Она спустилась вниз. Поймала такси. Поехала в клинику.
Все ее существо сконцентрировалось на одной-единственной задаче: видеть. Она была уже не танк, а боевая ракета с запрограммированным управлением. И свернуть ее с курса могла только другая такая же ракета.
— Он не вернется, — тихо сказала Сима, ненавязчиво рассматривая Веронику.
Она ей нравилась. Симе вообще нравились женщины — иные, чем она сама. В Симе совершенно отсутствовали зависть и соперничество — чувства, которые сопровождают почти всех женщин в продолжение всего их жизненного пути. Сима была Божий человек.
— А где он может быть? — осипшим голосом спросила Вероника. — Это очень важно.
— Позвоните домой.
Сима написала на отдельной бумажке домашний телефон Егорова и пододвинула Веронике аппарат.
Трубку взял Егоров. У Вероники сердце замерло и обвалилось.
— Его нет дома, — сказал голос Егорова.
— А вы кто? — удивилась Вероника.
— Я его сын.
— А где ваш папа?
— Сейчас я позову маму.
Подошла жена Егорова. Голос у нее был низкий и неокрашенный, как гудок. Такие голоса бывают при полном отсутствии музыкального слуха.
— Он на ученом совете, — прогудела жена.
— А это где, простите?
Жена назвала улицу и номер дома. Слово и цифра моментально вошли не только в память Вероники, но и в ее кожу.
— Это журналистка Владимирцева, — запоздало представилась Вероника. Видимо, это прозвучало как «извините», потому что жена ответила:
— Пожалуйста.
В голосе жены не проступало ни раздражения, ни лояльности. Егоров был врач, звезда первой величины, и она привыкла к постоянной его востребованности. А может быть, у нее был голос-альбинос, от природы лишенный красок, и она горевала и радовалась одним и тем же голосом.
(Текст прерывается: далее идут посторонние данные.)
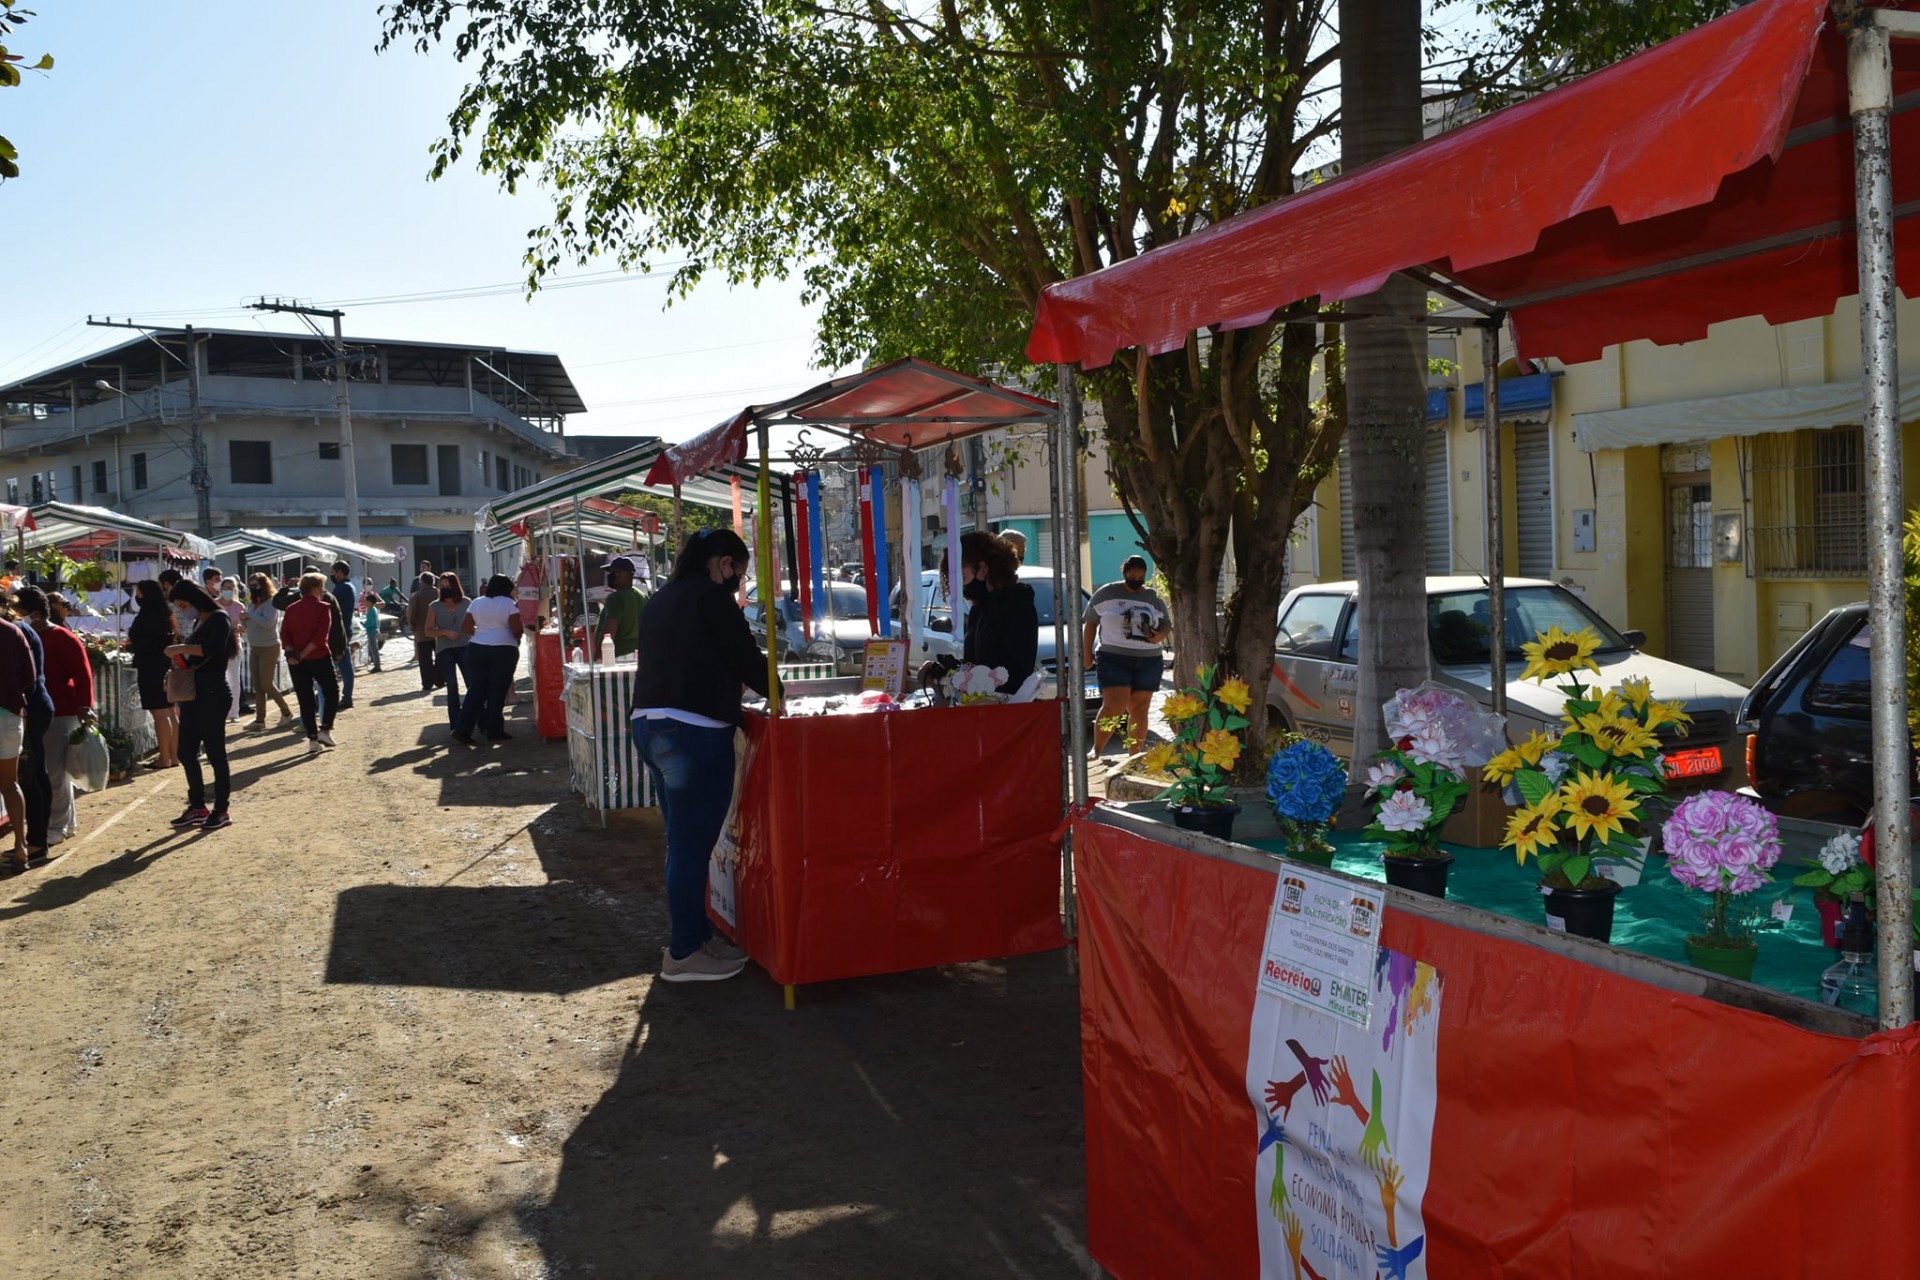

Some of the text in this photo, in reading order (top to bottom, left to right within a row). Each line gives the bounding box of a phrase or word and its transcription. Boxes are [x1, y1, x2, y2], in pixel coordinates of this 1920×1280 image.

[1687, 757, 1718, 773] 2004
[1265, 960, 1310, 991] Recreio
[1292, 1173, 1338, 1225] ECONOMIA
Фамилия выступавшего была Пяткин. Профессор, сидящий рядом, шепнул, что по национальности он финн. Егоров подивился, что это за финн с фамилией Пяткин. А впрочем, какое это имело значение. Пяткин говорил и замазывал словами суть. Егоров ознакомился с его диссертацией. Она была добросовестна и громоздка. Чувствовалось, что Пяткин не один год просидел за столом, нажил седалищную мозоль, как у макаки, однако ничего нового во внутриутробной диагностике не открыл. Все то же, что было, но с оттенками.
Пяткин был худ, белес, бесцветен. Но на него с первого ряда взволнованно и восхищенно смотрели две женщины: пожилая и молодая. Видимо, мать и жена.
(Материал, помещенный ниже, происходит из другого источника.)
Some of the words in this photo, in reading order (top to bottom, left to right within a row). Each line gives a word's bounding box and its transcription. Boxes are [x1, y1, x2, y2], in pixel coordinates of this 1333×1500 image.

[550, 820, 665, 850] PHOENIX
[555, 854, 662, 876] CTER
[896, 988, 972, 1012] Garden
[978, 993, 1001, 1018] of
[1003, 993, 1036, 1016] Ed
Егоров посмотрел на всех троих и подумал, что надо одобрить диссертацию, пусть Пяткин станет кандидатом и получит кандидатскую зарплату. Зарплата врача без степени — это пособие по безработице. Как им платят, так они и работают. От таких равнодушных тружеников — ущерб государству. И перекос в семье. Когда муж не может содержать семью, он не хозяин в доме. У него нет авторитета, и это влечет далеко идущие последствия. А поскольку семья — ячейка общества, получается перекос в обществе. Если же поднять мужчине зарплату, это сделает его хозяином в доме и автоматически выровняет общество. Значит, от того, что Пяткин станет кандидатом, — большая общественная польза. Правда, внутриутробная диагностика будет пробуксовывать на месте, как застрявшая машина. Но придет другой и продвинет науку. Один будет буксовать, другой двигать, а получать они будут одинаково.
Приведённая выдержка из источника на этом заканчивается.